Pongamos que en este hipotético naufragio el navío iba hacia Camelot. Todos los náufragos somos vanguardias municipales de distintas esferas y el único lector soy yo. Cuando llevamos dos horas en altamar comienza la tragedia. Las mujeres tratan de salvar sus cofrecitos de alpaca donde llevan las listas del mercado y unas bellas cartas de amor recibidas en la adolescencia; algunos hombres intentan salvar a las mujeres en medio de una bullaranga atronadora, otros se lanzan al agua despavoridos y yo corro hacia la biblioteca: sin pensarlo dos veces me arranco el ego y lo lanzo lejos: los míos podría escribirlos otra vez y me quedarían muchísimo mejor.
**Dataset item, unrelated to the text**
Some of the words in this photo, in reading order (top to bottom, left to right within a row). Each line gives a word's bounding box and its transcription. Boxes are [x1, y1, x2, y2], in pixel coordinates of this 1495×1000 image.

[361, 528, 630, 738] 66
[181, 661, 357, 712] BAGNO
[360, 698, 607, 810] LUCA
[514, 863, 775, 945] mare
Agarro Un Yanqui de Connecticut en la corte del rey Arturo, El gran Meaulnes, Peter Pan y Wendy y El guardián en el trigal. Como solamente puedo llevar diez libros y ya van cuatro, agarro una Santa Biblia y el Glosario Teosófico que está al ladito del libro santo... busco bien, busco bien... me quedan tres minutos antes que el barco se vaya a pique y cuatro libros por escoger... son estos: En la calzada de Jesús del Monte, Los Cachorros, Cien años de soledad y Corazón de perro. Los cargo todos y llego a cubierta con los segundos contados... de repente, pierdo el sentido; cuando vuelvo en mí estoy en la isla desierta y ha pasado un mes. La mona Chita me ha ido alimentando mientras estaba inconsciente. Me incorporo y gozo cuando veo al tigre dictando una conferencia a los demás animales sobre el incoherente gusto de los humanos en materia de lectura.
Nota
(1) Chambas, Santa Clara, 1968. Escritor. Miembro de la UNEAC. Ha publicado los siguientes títulos: Libro del profanador (1999); Oda al pan (2000); Los navíos se alejan (2001); Prohibido soñar en esta casa (2002); Thank giving day (1999); Pájaros de noche (2003); Condenados (2007); Ponme la mano aquí (2000-2006); El libro del holandés (2004); Dime con quién andas (2006); El libro más triste del mundo (2006-2010); Sobredosis (2012). Ha obtenido, entre otros, los premios literarios: José María Heredia (Teatro); Manuel Navarro Luna (Poesía); Regino E Botti (Teatro); José María Heredia (Poesía); Eliseo Diego (Novela para jóvenes); Fundación de Santa Clara (Poesía); Ediciones Vigía (Poesía); Beca José J Milanés (Teatro); Raúl Gómez García (Poesía); Beca Ciudad del Che (Novela para jóvenes); Premio Poesía de Primavera. (Poesía); Premio Raúl Doblado. (Poesía); Fundación de Santa Clara (Novela para jóvenes); Premio «Videncia» 2013 (Ensayo). Es profesor único del taller de Formación Literaria El viajero. Ha participado en más de 50 antologías de la poesía y la narrativa cubanas e hispanoamericanas publicadas en Cuba, España, Argentina, México y EE.UU.